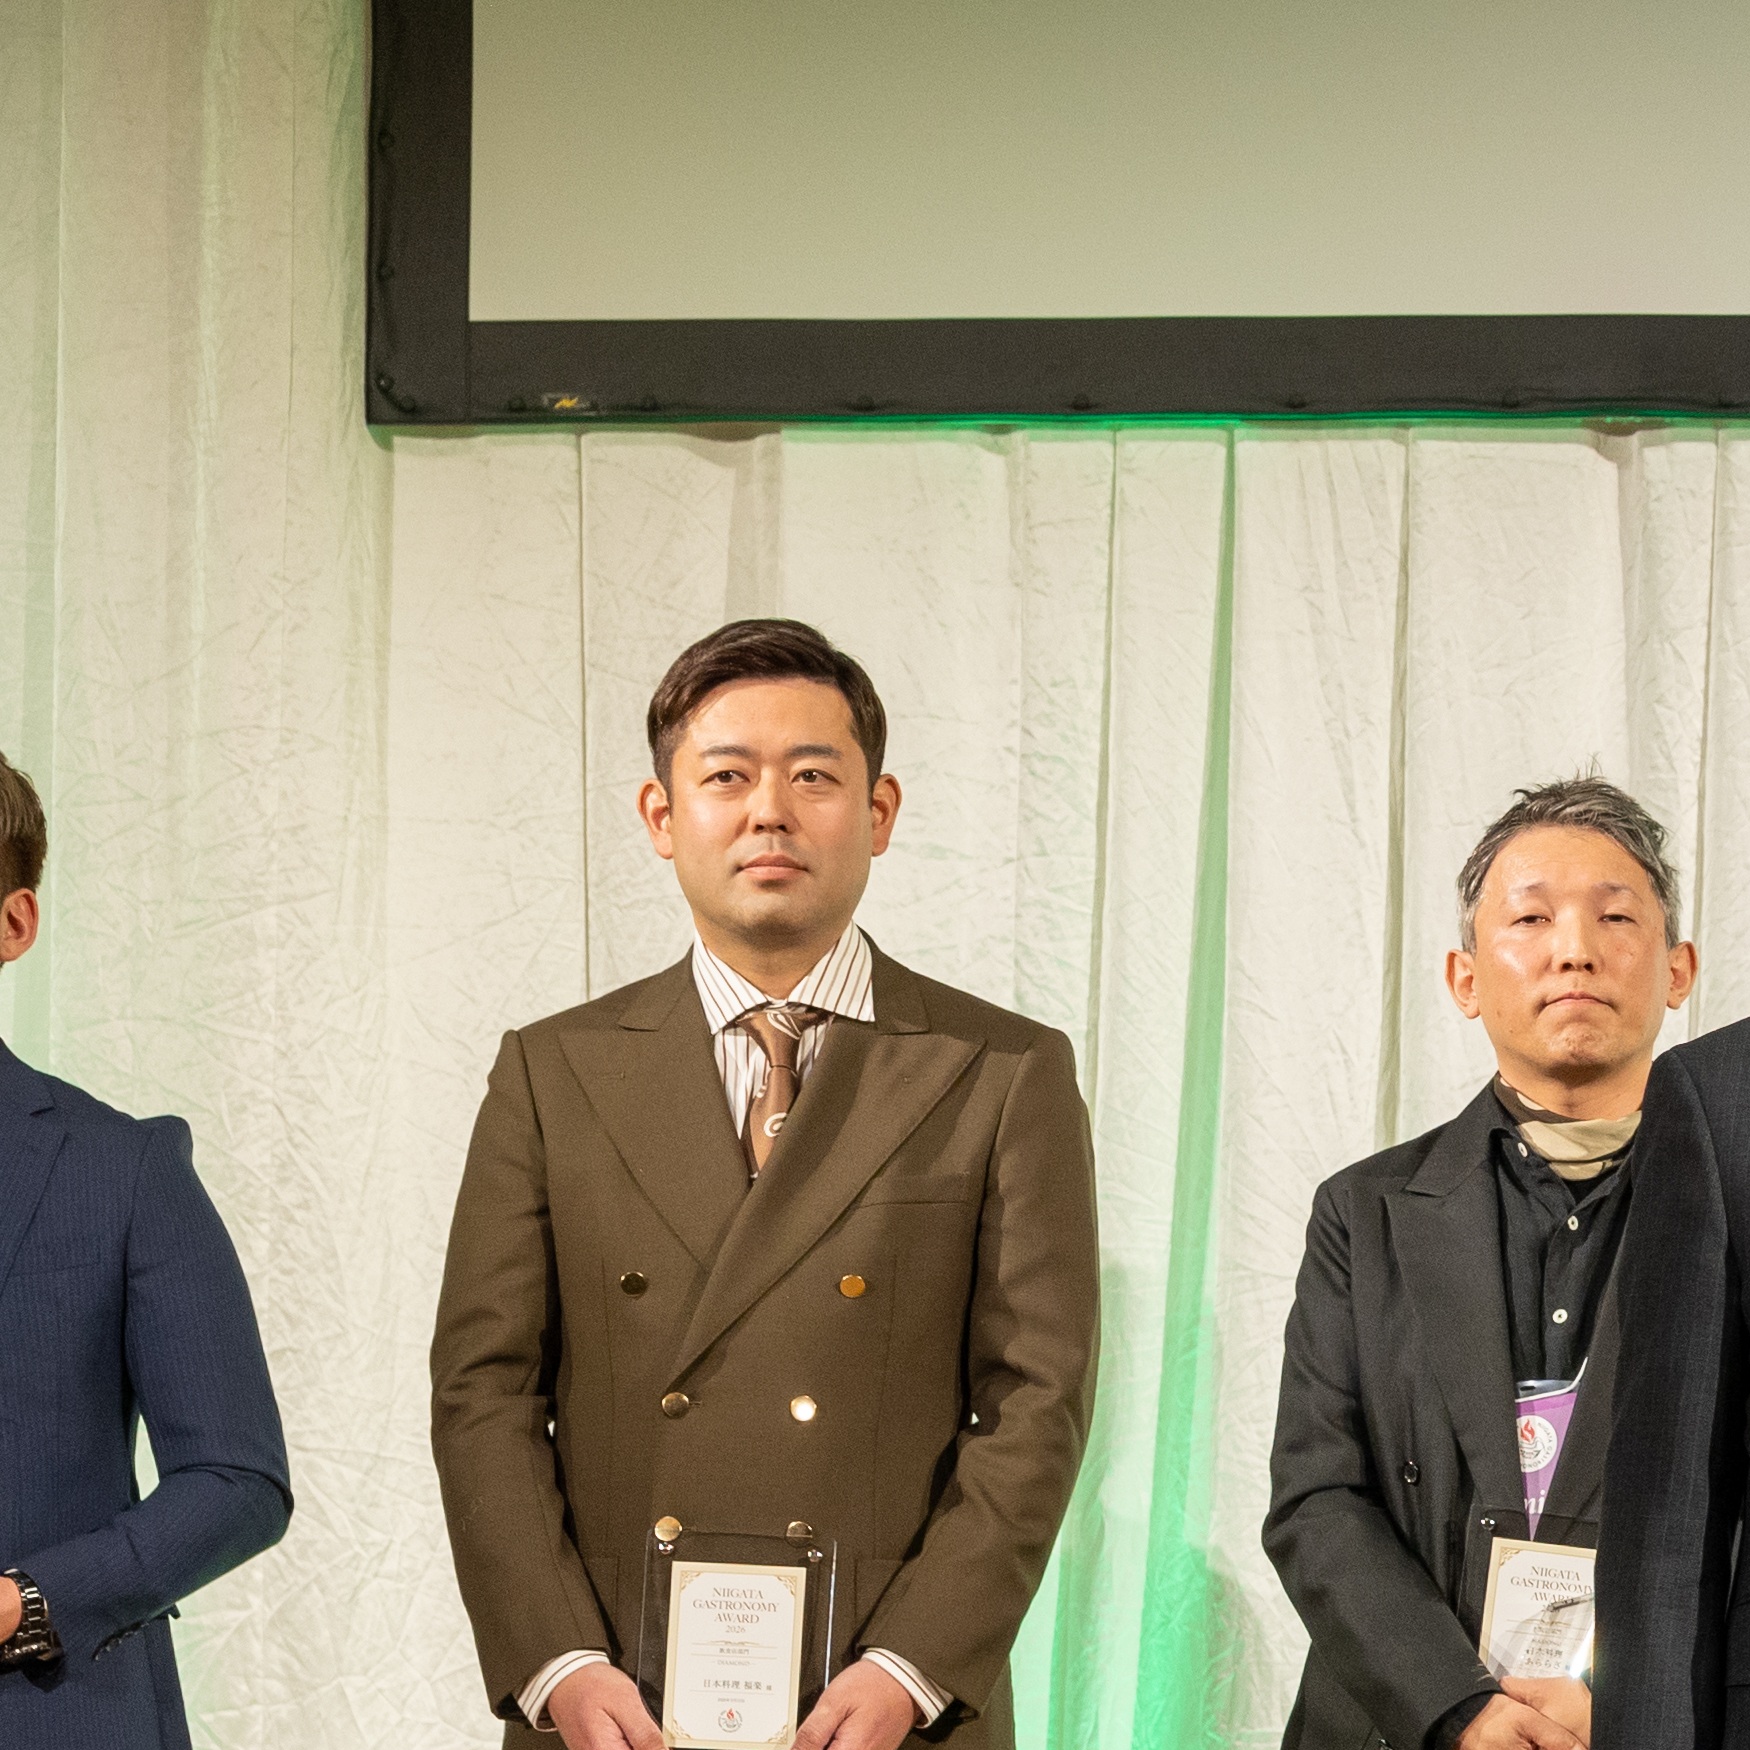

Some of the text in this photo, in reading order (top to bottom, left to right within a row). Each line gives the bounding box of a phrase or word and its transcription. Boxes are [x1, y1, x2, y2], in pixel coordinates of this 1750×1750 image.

[1530, 1565, 1581, 1581] NIIGATA
[712, 1587, 764, 1600] NIIGATA
[692, 1599, 780, 1613] GASTRONOMY
[714, 1612, 760, 1624] AWARD
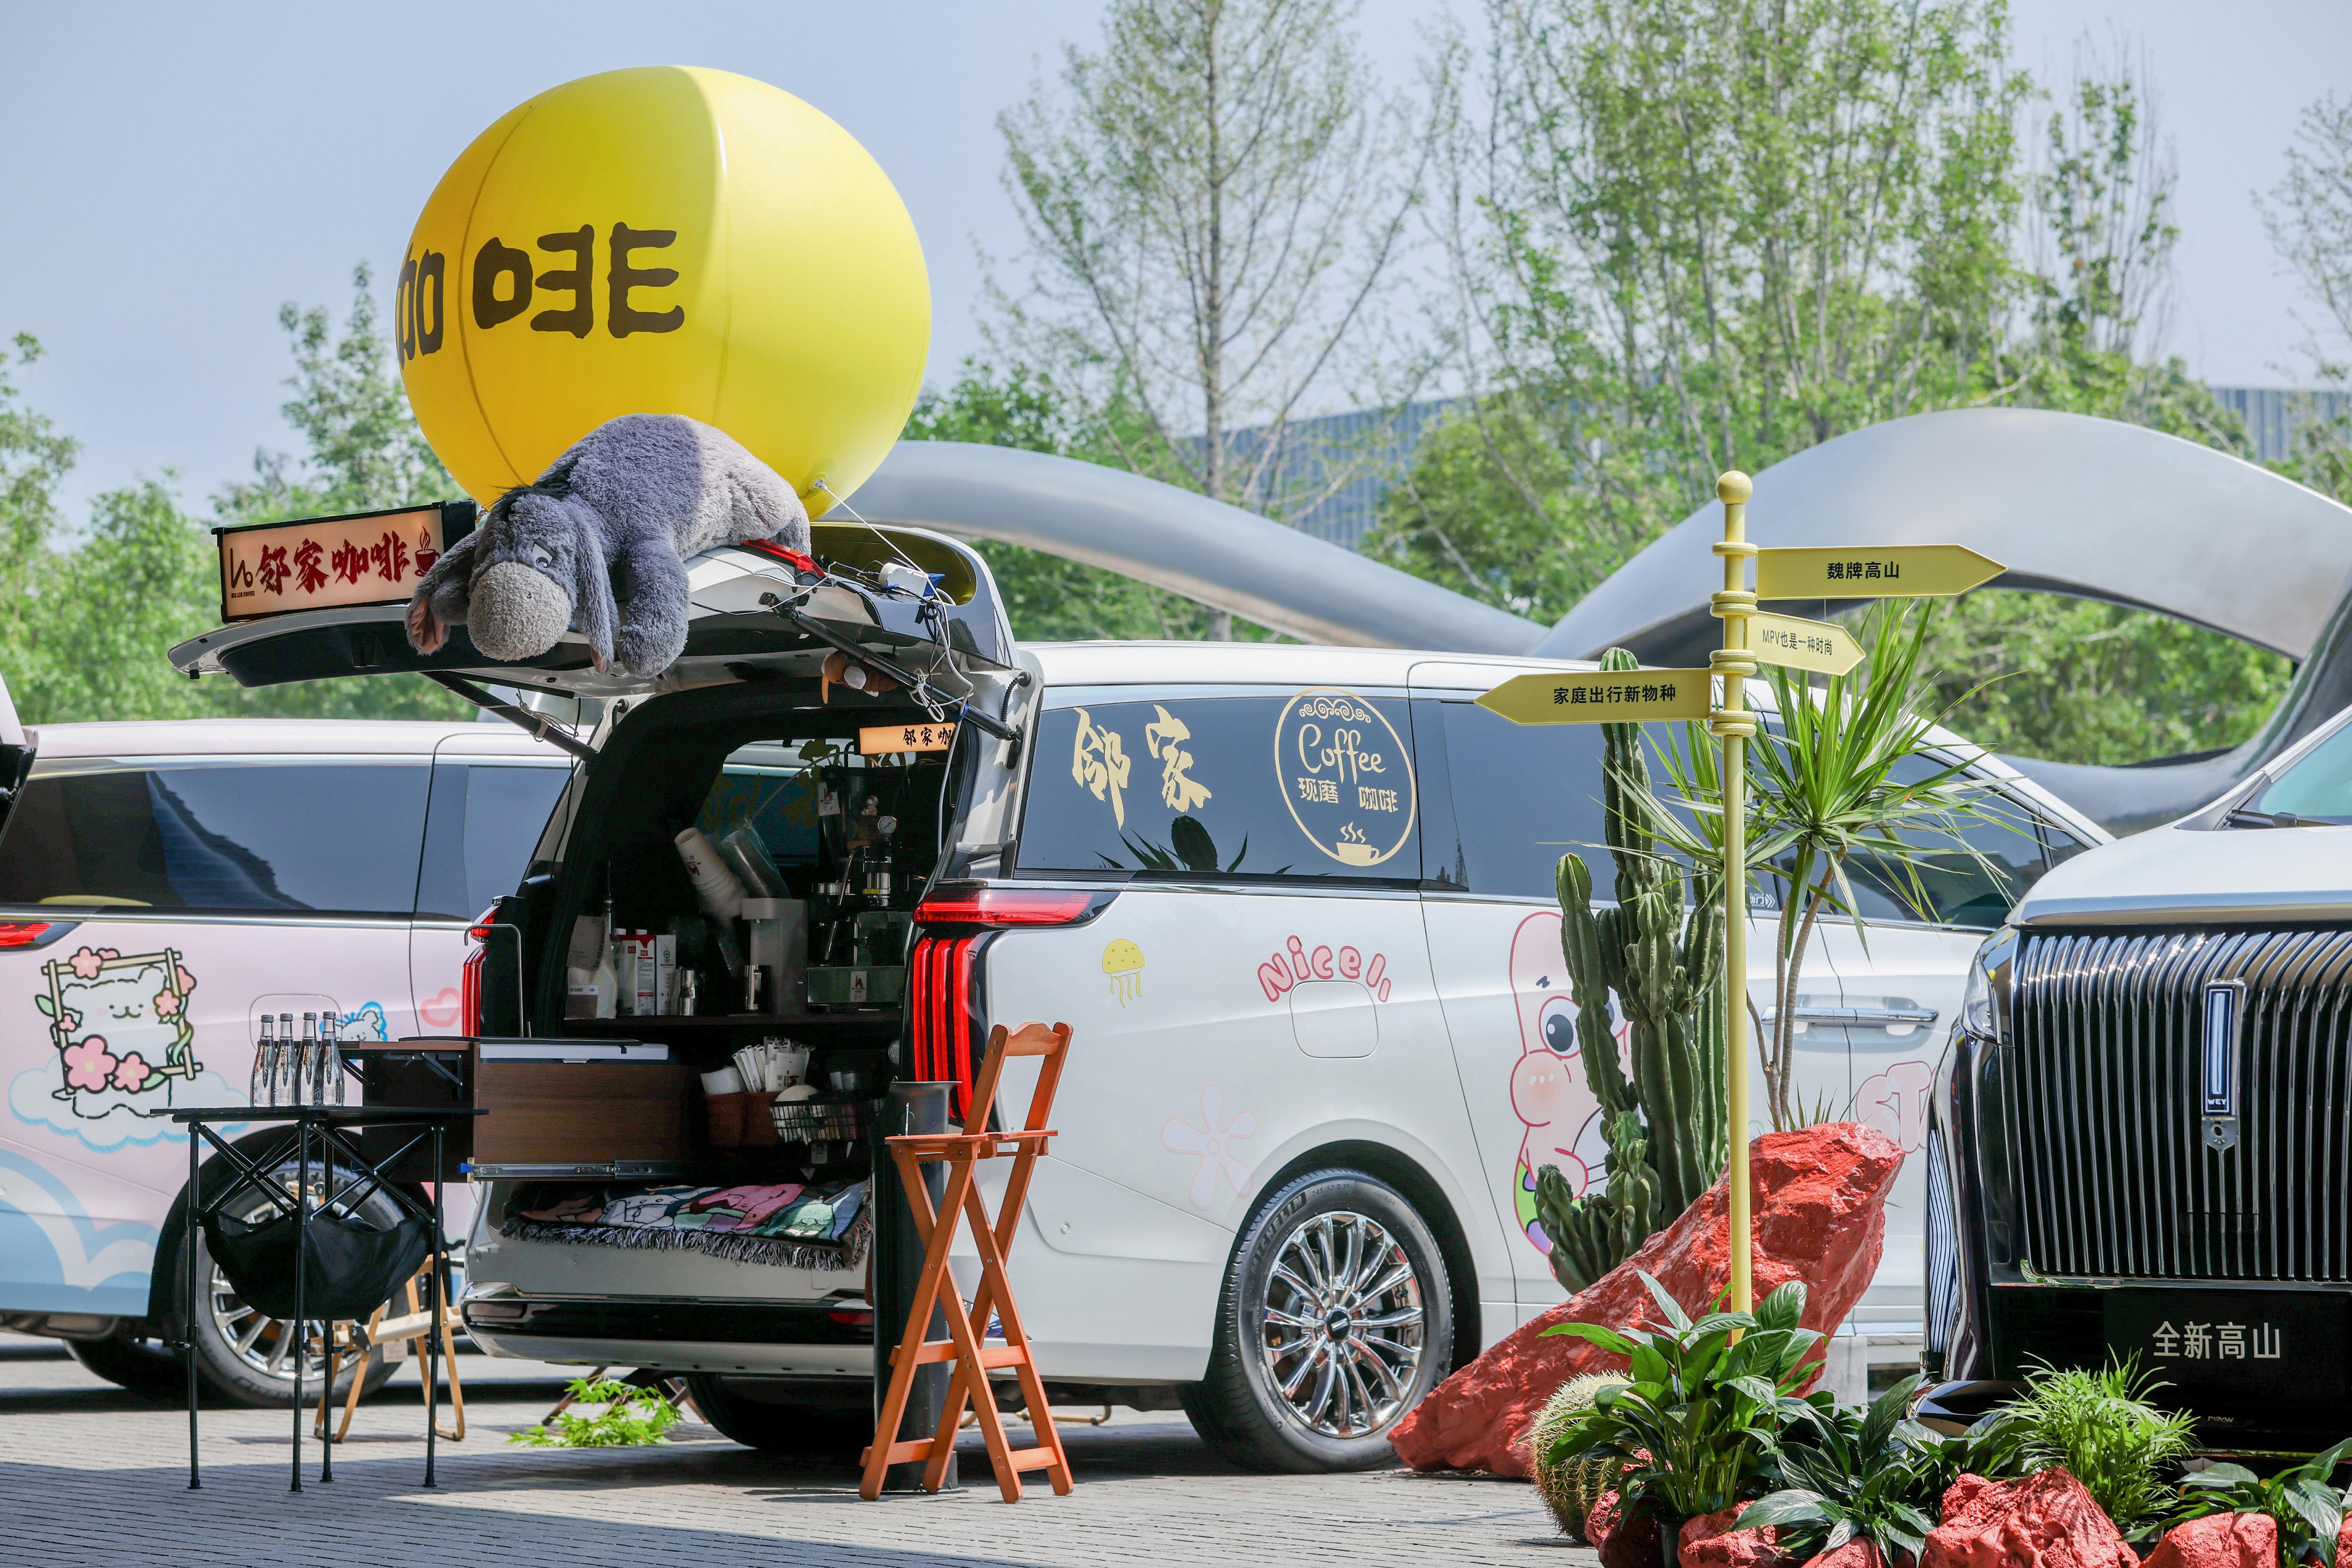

Task to carry out => Reproduce the listing above exactly, without a single picture.

Response =>
Some of the text in this photo, in reading order (top to bottom, left to right within a row). Each line gives the bounding box of a phrase or word and its transcription. Boxes are [x1, y1, x2, y2], in pixel coordinates of this 1750×1750 image.

[1530, 1565, 1581, 1581] NIIGATA
[712, 1587, 764, 1600] NIIGATA
[692, 1599, 780, 1613] GASTRONOMY
[714, 1612, 760, 1624] AWARD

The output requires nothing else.